Mayor vetoes Generations liquor license

PIC ‘shocked, disappointed,’ mulls next step
by Emmitt B. Feldner of The Review staff

PLYMOUTH – The council giveth and the mayor taketh away.

A day after the City Council reversed its earlier decision and granted a liquor license to the Plymouth Intergenerational Coalition for the Generations Center, Mayor Donald Pohlman Wednesday vetoed the council action.

“We were shocked and we are so, so disappointed,” Generations Executive Director Joann Van Horn Wieland said of learning of the veto.

The council had voted at their July 29 meeting to reverse their April denial of the city’s last available class B liquor license for Generations by a vote of 4-3, with Alderman Jack Fernsler absent.

That followed discussion in the council’s Committee of the Whole meeting and an evidentiary hearing before the council.

In his veto message, Pohlman cited four reasons for overturning the council decision:

. A state prohibition on granting a license to any establishment with 300 feet of a school – the Generations center includes the Head Start program and Growing Generations day care.

. “(A) liquor license does not coincide with the public purpose and mission of the Plymouth Intergenerational Coalition … The city of Plymouth did not anticipate that this facility would have alcohol sales when deciding to be part of the … concept and providing public funding.”

. “(T)he primary purpose of the facility ... is not substantially related to liquor sales or a restaurant.”

. “The liquor license would be used primarily for private events and would not be open to the general public.”

In his statement, Pohlman added, “I have listened very carefully to the facts and testimony presented. Proper consideration of public sentiment and local concerns has been evaluated in reaching this decision.”

Van Horn Wieland, however, questioned whether there were other motives behind the mayor’s veto.

“It totally baffles us as to what the real reason was,” she allowed. “Is there someone or something that they’re holding this license for? Does that seem fair?”

She said she felt Generations and its supporters had answered all of the objections listed by the mayor during Tuesday’s meeting, noting that a majority of the council members had been persuaded to grant the license.

One of Pohlman’s objections was based on a city ordinance which requires that any licensee who holds an event on their premises where underage people are present must wait 24 hours before being able to sell liquor again.

Under the mayor’s interpretation, that would mean the Generations center’s only window for events with alcohol would be on Saturdays, since there are underage people on the premises Monday through Friday.

Police Chief Jeff Tauscheck, at the council meeting, had explained that the ordinance in question had been adopted many years ago when local bars held teen nights, a practice that has not been followed for decades, he said.

“The mayor’s reasoning has to do with an ordinance that is very obscure and needs to be taken off the books anyway,” Van Horn Wieland stated.

“I did say to him that I hope there is going to be implementation and enforcement (of that ordinance) for everyone else in the community. I can’t believe all of those other businesses and entities are going to be happy with that,” she added.

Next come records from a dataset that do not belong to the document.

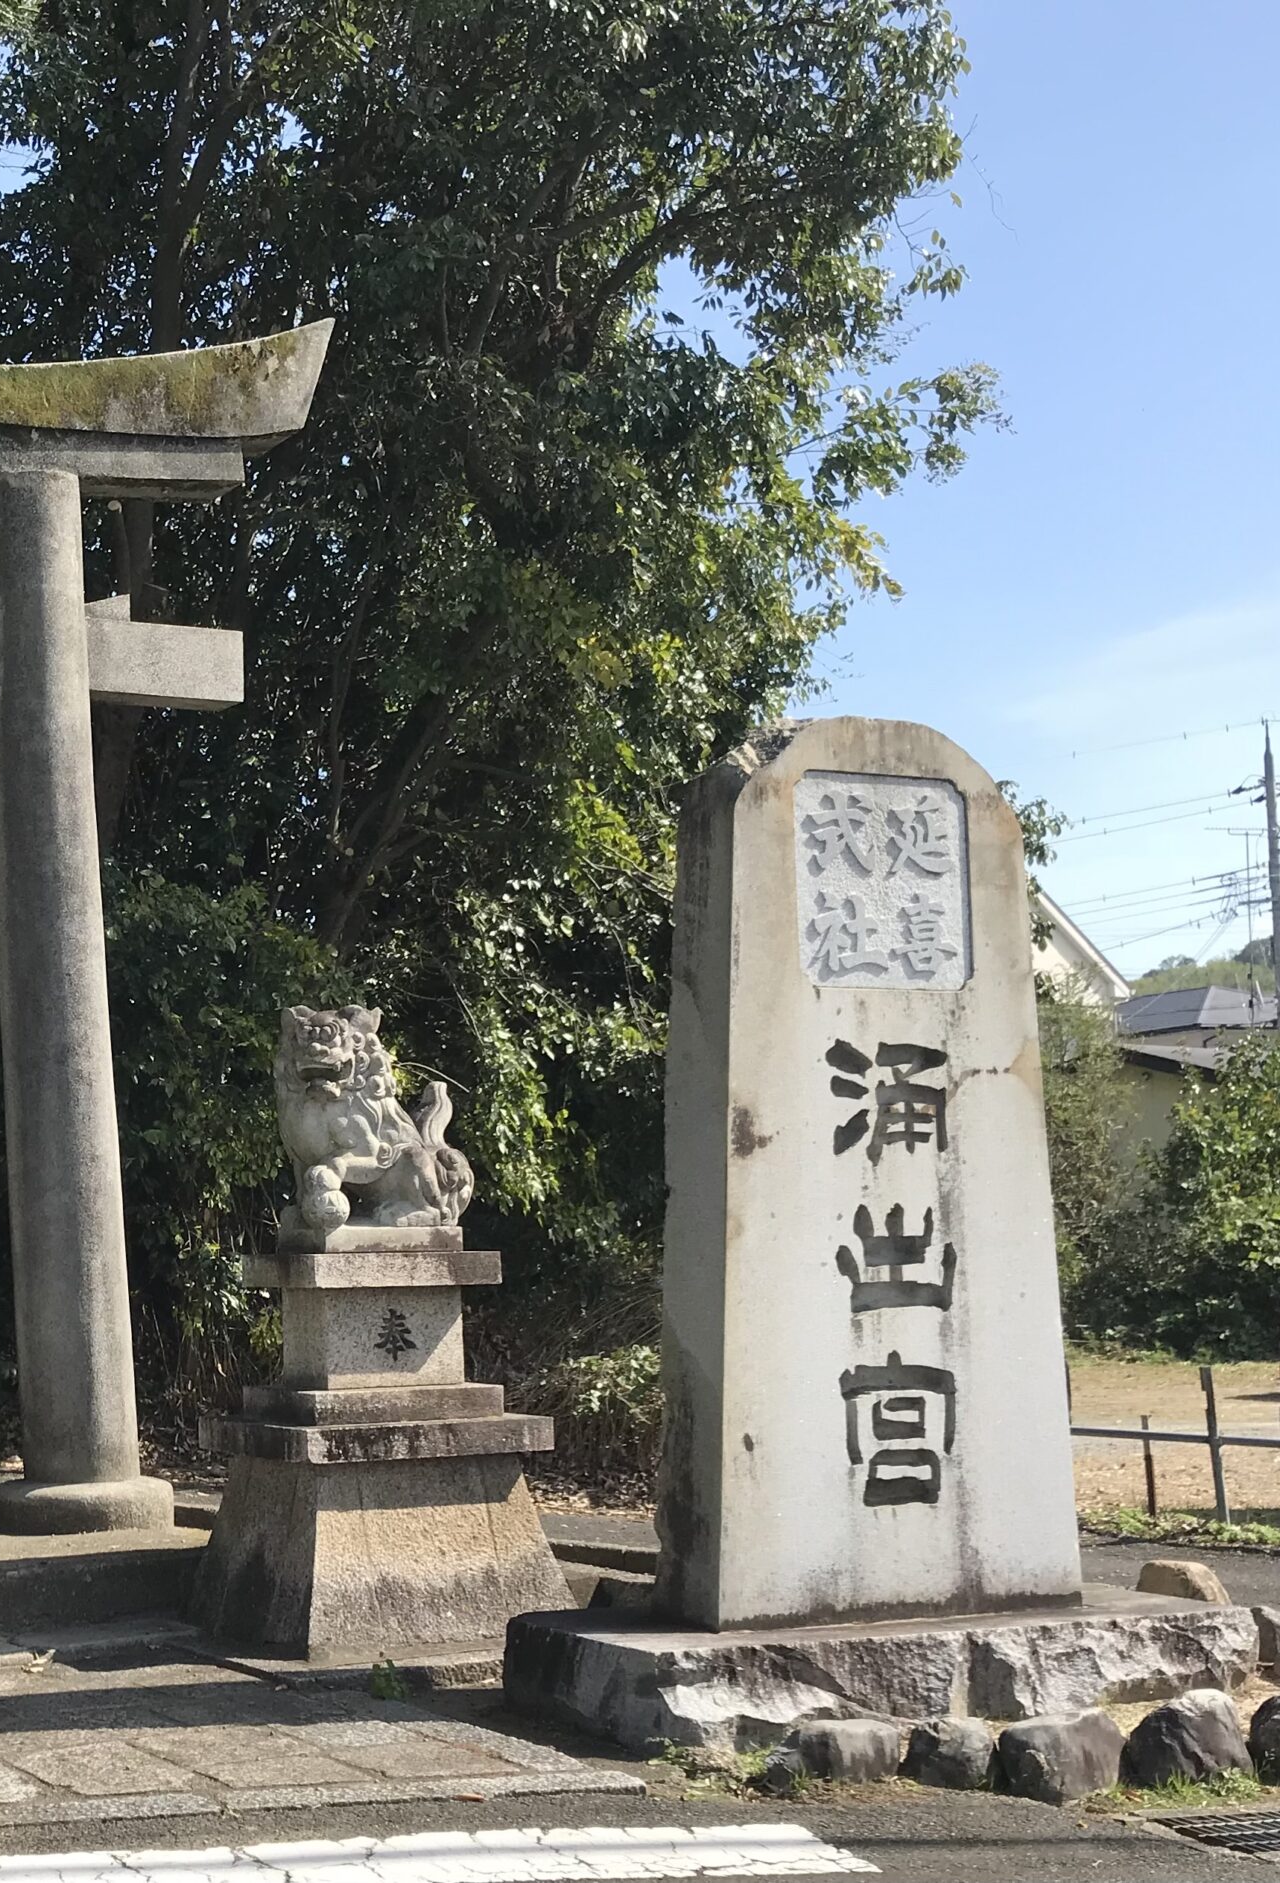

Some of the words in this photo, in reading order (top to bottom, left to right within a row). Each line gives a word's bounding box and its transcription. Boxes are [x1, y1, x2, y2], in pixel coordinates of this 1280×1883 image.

[800, 790, 889, 982] 式社
[883, 794, 958, 982] 延喜
[373, 1308, 418, 1362] 奉
[825, 1038, 957, 1508] 涌出宮
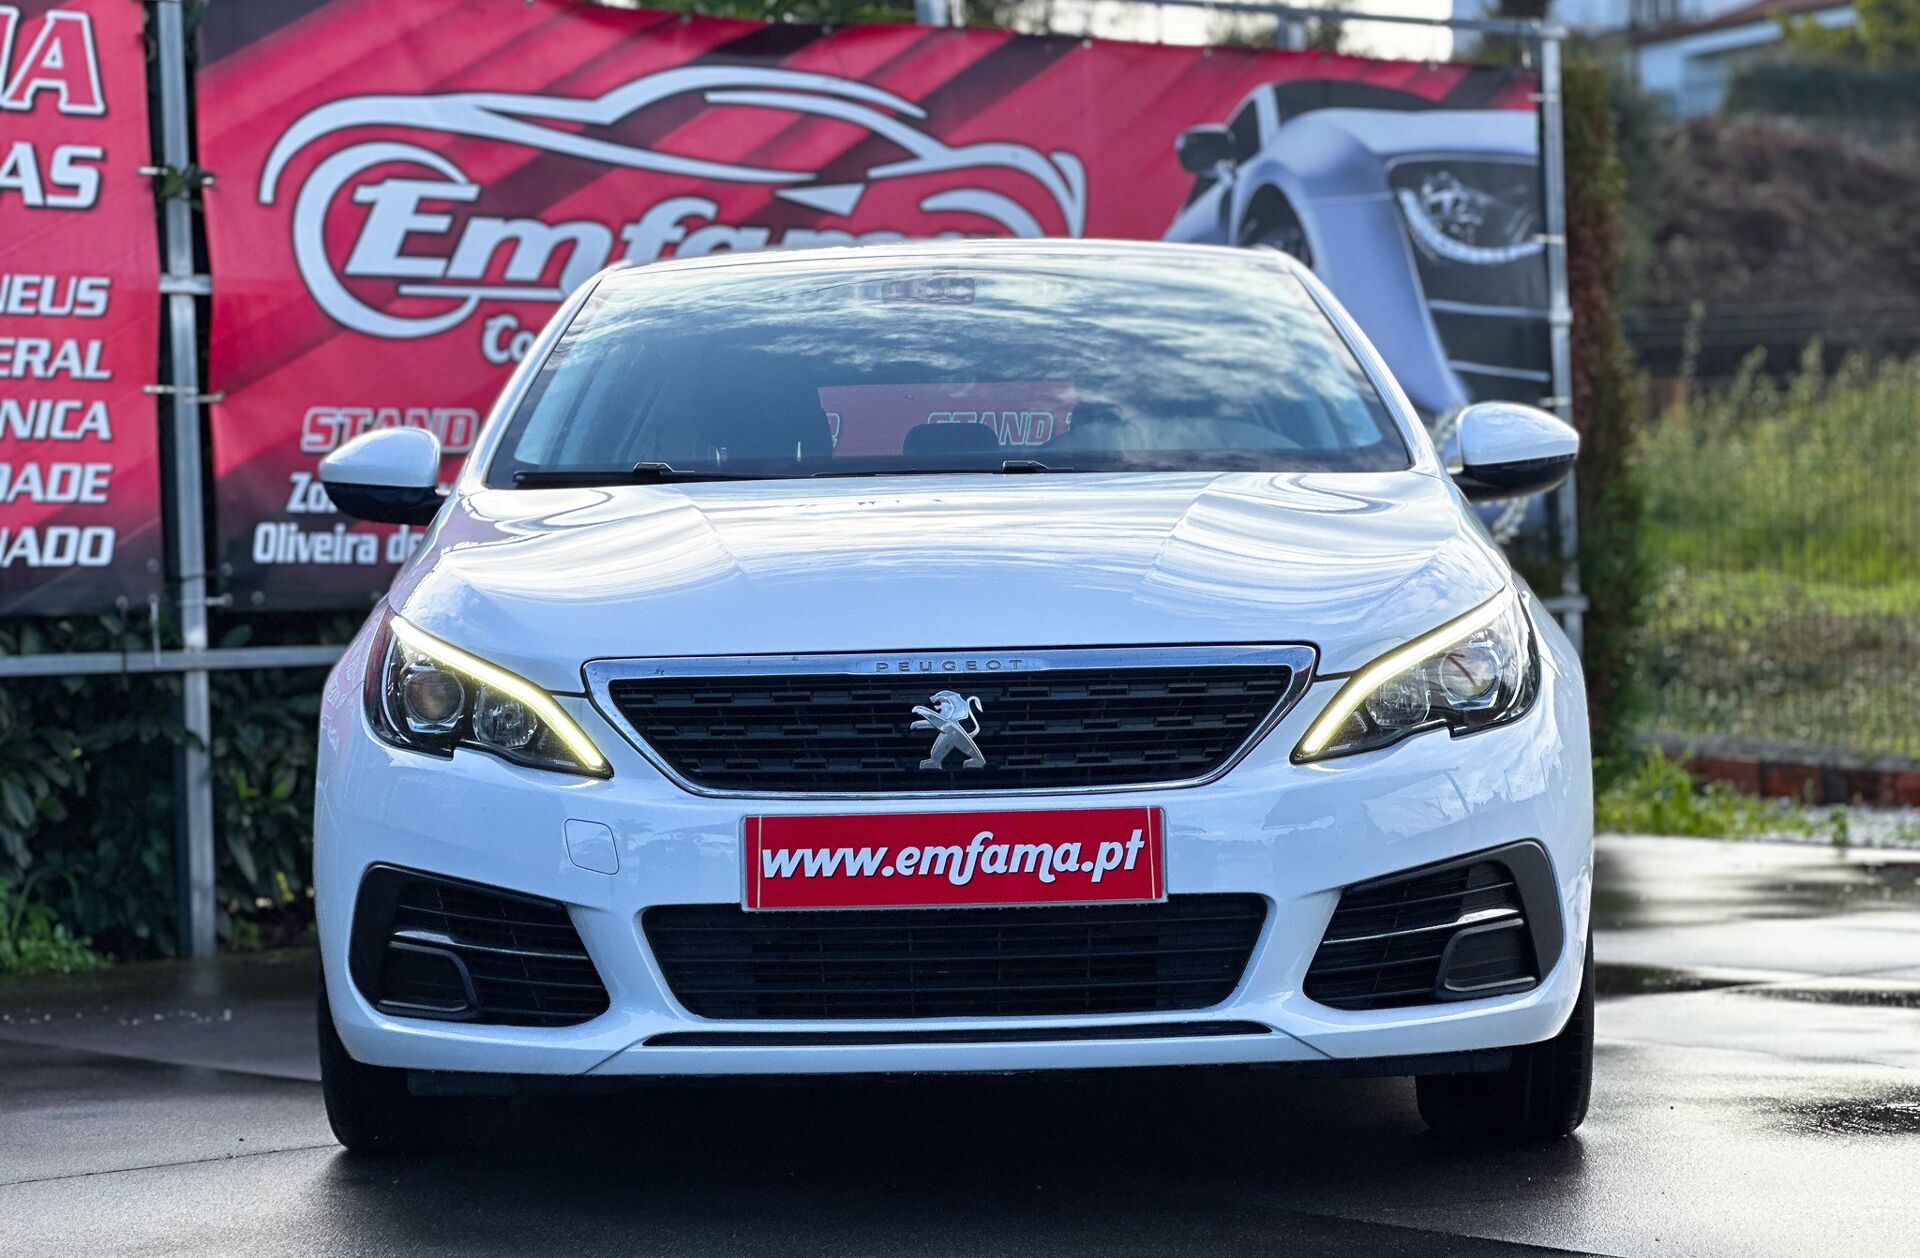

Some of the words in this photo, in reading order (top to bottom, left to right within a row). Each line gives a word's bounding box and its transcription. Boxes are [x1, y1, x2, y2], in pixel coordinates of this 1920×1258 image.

[0, 5, 106, 116] A
[0, 273, 112, 317] EUS
[286, 472, 338, 514] Zo
[0, 525, 117, 567] ADO
[252, 522, 380, 565] Oliveira
[875, 659, 1024, 673] PEUGEOT
[761, 828, 1145, 886] www.emfama.pt

Van Horn Wieland also insisted, as she and other speakers at the council meeting had, that events with alcohol sales at Generations, “has always been a part of our business plan. We’ve always been transparent with that.”

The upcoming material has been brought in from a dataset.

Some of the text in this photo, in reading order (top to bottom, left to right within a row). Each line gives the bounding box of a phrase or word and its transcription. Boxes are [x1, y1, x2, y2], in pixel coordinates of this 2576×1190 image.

She stressed that the additional income from such events – class reunions, wedding receptions and other parties – is essential to helping PIC keep their budget balanced and keep rents low for the nonprofit groups that are Generations tenants.

“We would like to be in a position to be able to lower their rents rather than raise them,” Van Horn Wieland emphasized.

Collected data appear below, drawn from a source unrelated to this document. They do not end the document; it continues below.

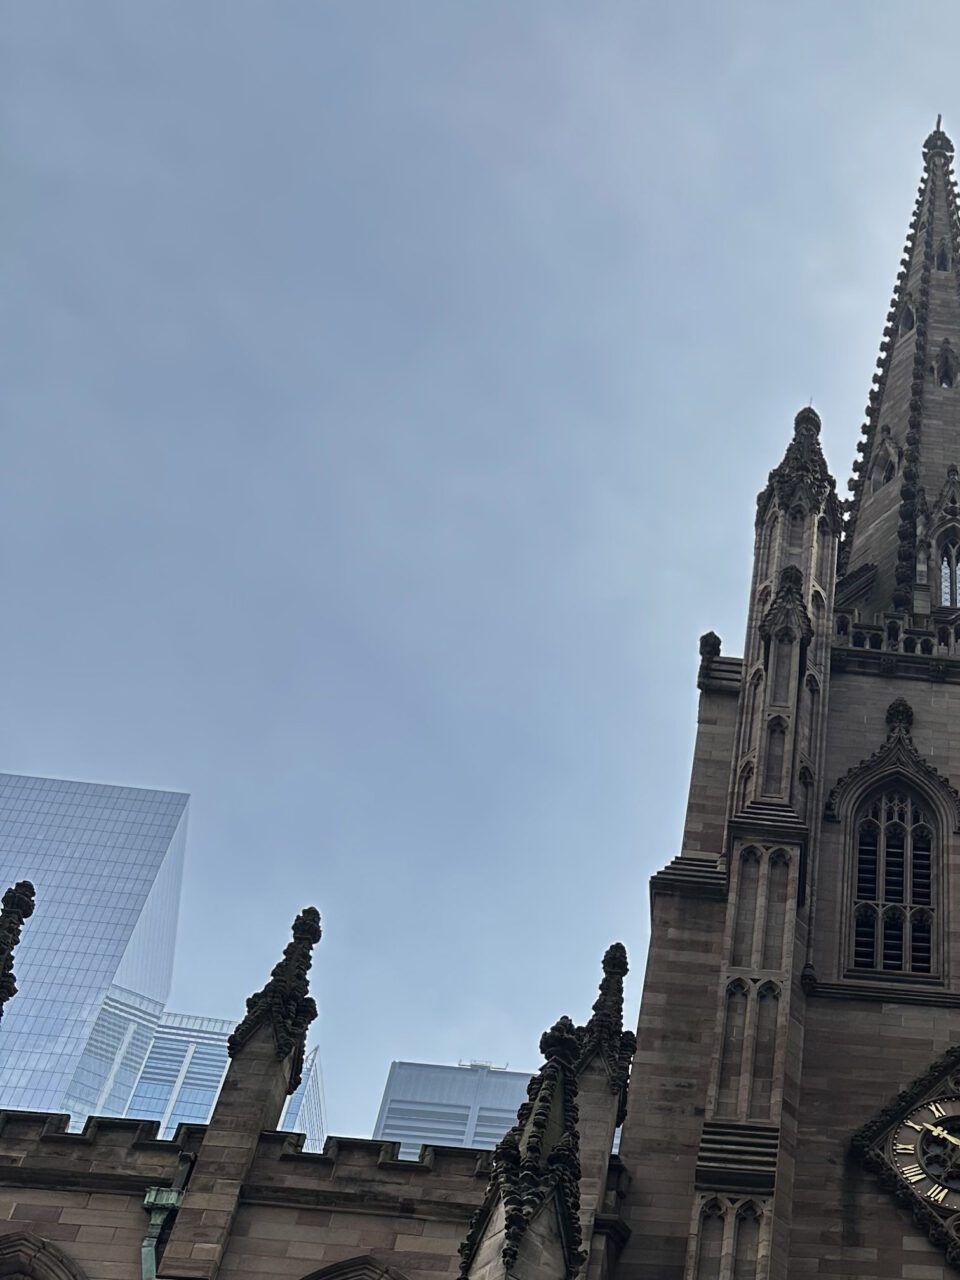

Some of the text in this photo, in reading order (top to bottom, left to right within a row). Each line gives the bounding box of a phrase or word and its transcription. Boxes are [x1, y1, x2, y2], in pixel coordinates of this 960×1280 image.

[928, 1103, 946, 1118] XI
[904, 1120, 923, 1132] X
[896, 1143, 915, 1154] IX
[901, 1163, 927, 1183] VIII
[926, 1184, 949, 1203] VII

She said PIC is weighing its options at this point.

The group could seek a council override of the mayor’s veto, but that would take a two-thirds vote of the council – six yes votes.

Fernsler supported PIC’s application in April, but missed last week’s meeting as he prepares for pending heart surgery.

The group could also appeal the decision in Sheboygan County Circuit Court.

“We’re keeping all our options open and exploring our other legal options,” Van Horn Wieland stated. “We’re just not going to roll over and play dead.”